Vincent Robert, 35 ans, originaire de Saint André. Ma famille est une famille des hauts, agriculteurs depuis plusieurs générations. J’ai grandi dans les champs de canne, sacré terrain de jeu pour un enfant. Puis c’est devenu à l’adolescence un devoir familial d’entraide. J’ai un frère et une sœur, respectivement à Paris et à Saint André. Mes parents vivent une retraite bien méritée dans la maison familiale. Je suis diplômé de l’école supérieure et d’applications des transmissions (Cesson Sevigné), multi-entrepreneur.

Quel a été votre parcours de "mobilité" ?

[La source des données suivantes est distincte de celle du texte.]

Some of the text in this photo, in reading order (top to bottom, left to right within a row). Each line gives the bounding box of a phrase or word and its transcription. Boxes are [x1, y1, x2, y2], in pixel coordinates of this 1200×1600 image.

Ne trouvant pas de modèle d’études supérieures adapté, et après avoir enchaîné des petits boulots assez ingrats, j’ai quitté l’île à l’âge de 18 ans. Je me suis engagé comme sous-officier dans l’armée de terre et j’ai dit adieu à ma famille. Je n’avais à cette époque jamais quitté l’île. J’ai le souvenir de mon arrivée à Roissy et d’un trajet avec les autres réunionnais et ultra marins (tahitiens, guadeloupéens, martiniquais…). On aurait dit un vrai remake du film Rasta rocket !

Quelles ont été vos premières impressions ?

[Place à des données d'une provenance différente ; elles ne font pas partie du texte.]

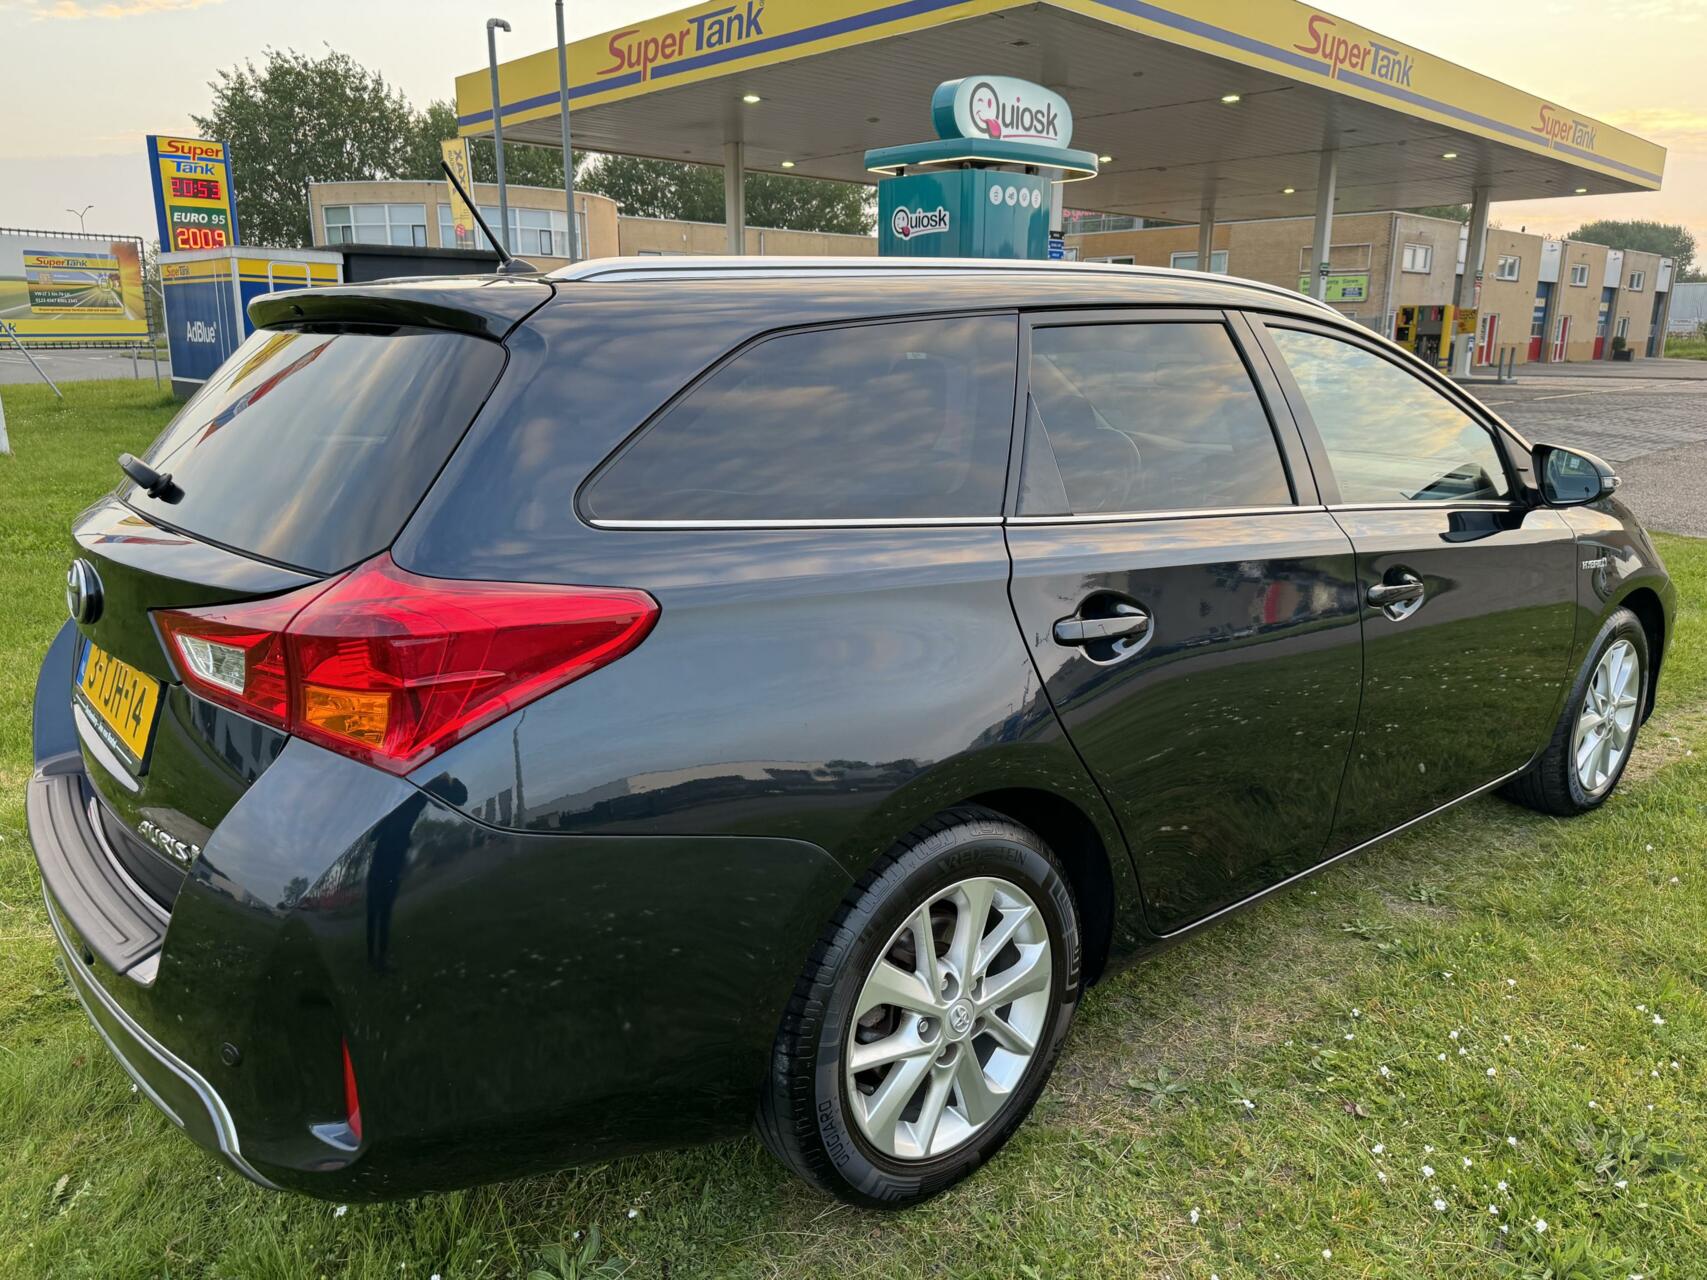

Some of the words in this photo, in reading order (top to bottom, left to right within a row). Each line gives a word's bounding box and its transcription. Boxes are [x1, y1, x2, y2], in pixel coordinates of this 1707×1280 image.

[597, 1, 764, 81] SuperTank
[1293, 15, 1413, 87] SuperTank
[969, 82, 1058, 138] Quiosk
[1531, 104, 1596, 150] SuperTank
[159, 140, 222, 161] Super
[170, 160, 215, 175] Tank
[173, 212, 208, 223] EURO
[211, 215, 226, 224] 95
[893, 207, 947, 237] Quiosk
[33, 256, 87, 268] SuperTank

Je n’avais jamais envisagé que le territoire métropolitain puisse être aussi diversifié, avec des régions marquées de différentes cultures, accents, langues, terroirs… J’ai eu cette chance en tant que jeune « expatrié », de résider dans une caserne et de profiter des invitations récurrentes de mes camarades métropolitains. Plus je rencontrais ceux qui allaient devenir mes amis, plus je me rendais compte que nous étions proches, tous persuadés d’être originaire du plus bel endroit en France. J’ai pu faire l’apprentissage de ces cultures, tout en partageant la mienne, ce qui m’a valu un accueil extrêmement chaleureux.

Père et fils

Et ensuite ?

L’expérience s’est renforcée aux fils des années, car ma carrière militaire m’a amené à vivre à l’étranger : Kosovo, Liban, Guyane, Brésil… Aujourd’hui, je vis encore cette pluri culturalité à travers mes voyages d’affaires, notamment au sein de ma société basée à Tunis. Après avoir quitté l’armée de terre, je me suis en effet orienté vers l’aménagement du territoire. Je voulais laisser une trace de mon passage et contribuer à l’amélioration du bien-être général. En 2013, METIS bureau d’études spécialisé a vu le jour. Aujourd’hui il compte 42 collaborateurs repartis en France et à Tunis. Je suis particulièrement attaché au développement d’un plateforme collaborative nommée GOTMI, permettant la coordination des travaux sur les territoires, qui a récemment remporté un pris à la Ville de Paris (DATACITY).

Où habitez-vous ?

Je suis principalement basé à Lyon. Bien que la vie en ville commence à ne plus correspondre à mes attentes, j’apprécie encore de travailler au cœur d’une des métropoles françaises les plus dynamiques. Lyon est une ville agréable et riche en opportunités ! Au passage, je recommande le collectif Ti Kaniki basé à Lyon, groupe de maloya qui joue régulièrement dans la ville en compagnie d’artistes du monde et de la Réunion !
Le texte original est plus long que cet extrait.